Former ITN reporter Gerald Seymour travelled the world’s hotspots for many years and his journalistic instincts have stood him in good stead when it comes to nosing out a compelling narrative. His first novel Harry’s Game was an extraordinary success when it was published back in 1975, and he’s written 28 novels since.
Known for their meticulous research, his military thrillers have restlessly roamed the world’s flashpoints. His latest, The Corporal’s Wife, available on ebook and in hardback tomorrow, is set in the Middle East.

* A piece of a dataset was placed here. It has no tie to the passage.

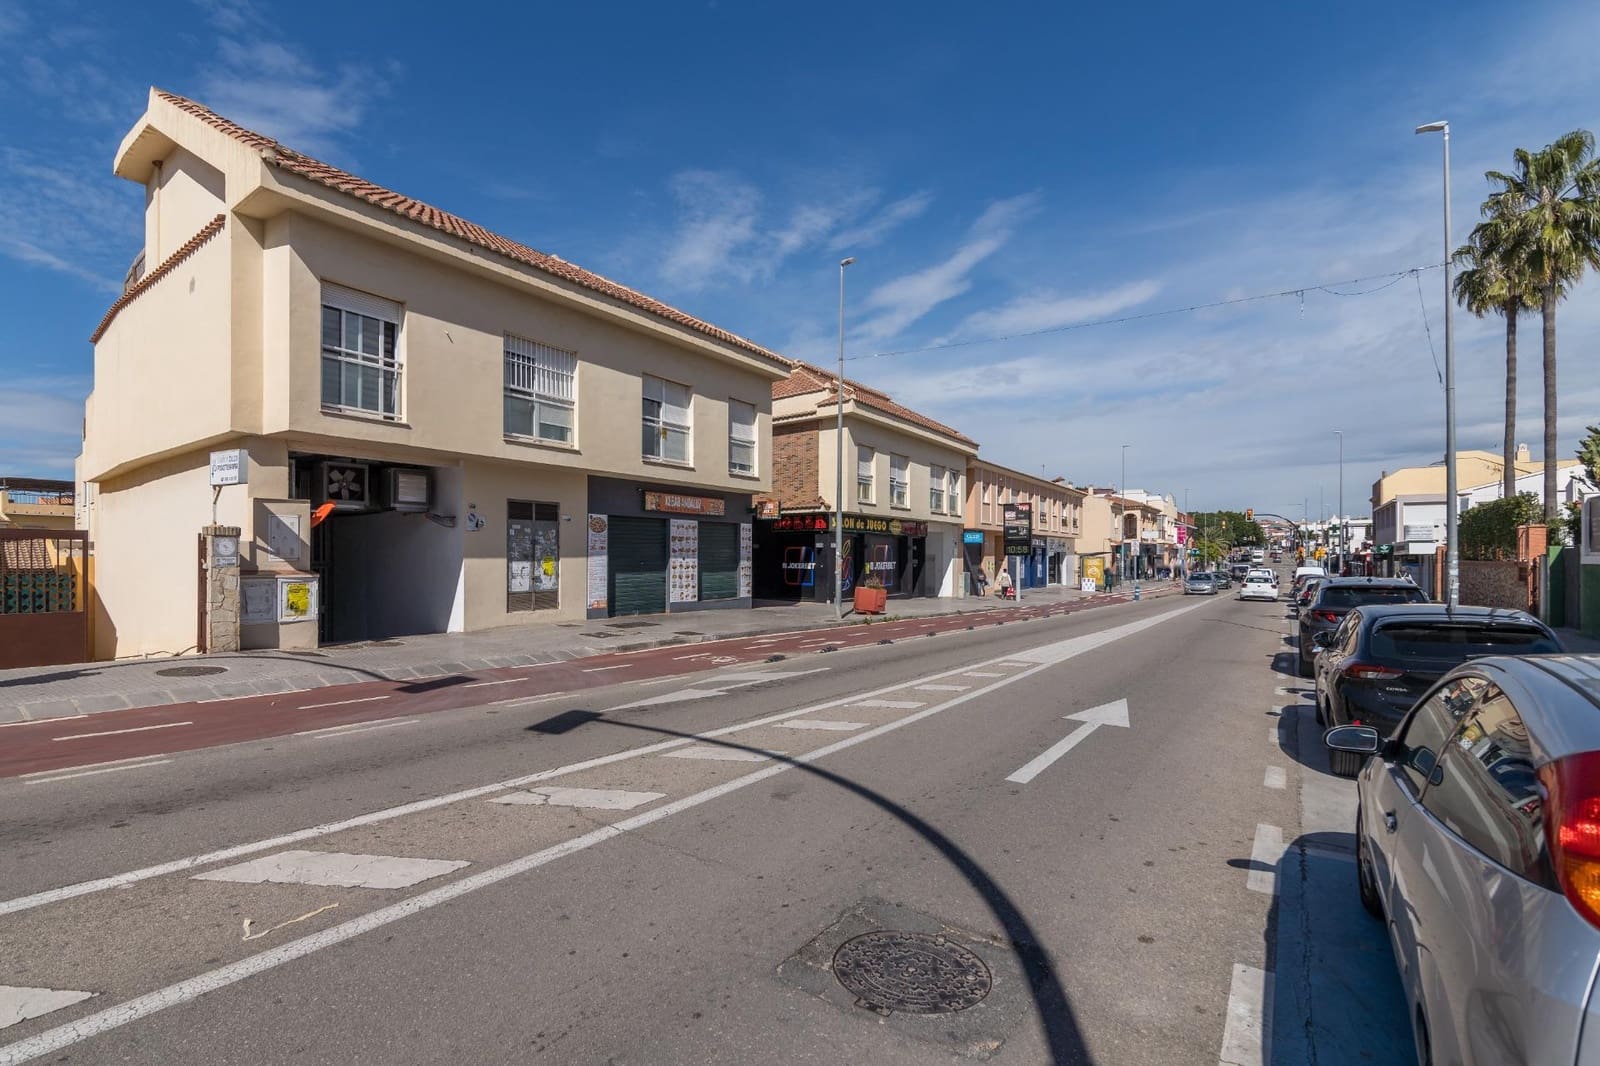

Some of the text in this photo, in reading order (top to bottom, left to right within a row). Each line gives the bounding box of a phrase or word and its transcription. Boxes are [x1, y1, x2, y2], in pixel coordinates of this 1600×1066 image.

This is the moment that MI6 has been working for: an Iranian caught in a ‘honey trap’ and flown to a safe house for interrogation. He may only be a Corporal in the Revolutionary Guard, but as chauffeur to a top general, he knows the location of secret nuclear and military sites and often overhears unguarded conversations in the car. It’s a coup to put the Brits one up on the Americans and Israelis.
But the Corporal won’t talk unless they bring his wife out of Iran, too. So the SAS are asked to find the woman and smuggle her out of Tehran – but they turn it down as an impossible risk.
Which is how three former soldiers hired from a London agency and Zach Bennett, a university drop-out recruited for his Persian language skills, find themselves about to cross the world’s most dangerous frontier on a mission that will mean certain death if they are caught.
And the Corporal’s wife is not the kind of person they were expecting. In fact, the fiery, independent, beautiful Farideh is not like anyone Zach Bennett has ever met in his life.
Anyway, must dash. No wait—
I’m still thinking of Robotham ambling down that beach, going for a nice breakfast, and then cracking on. What about you, how do you settle into your writing regime of a morning? A cup of tea? The school run and a bath bun? Or do you fit your writing around other stuff? Let me know!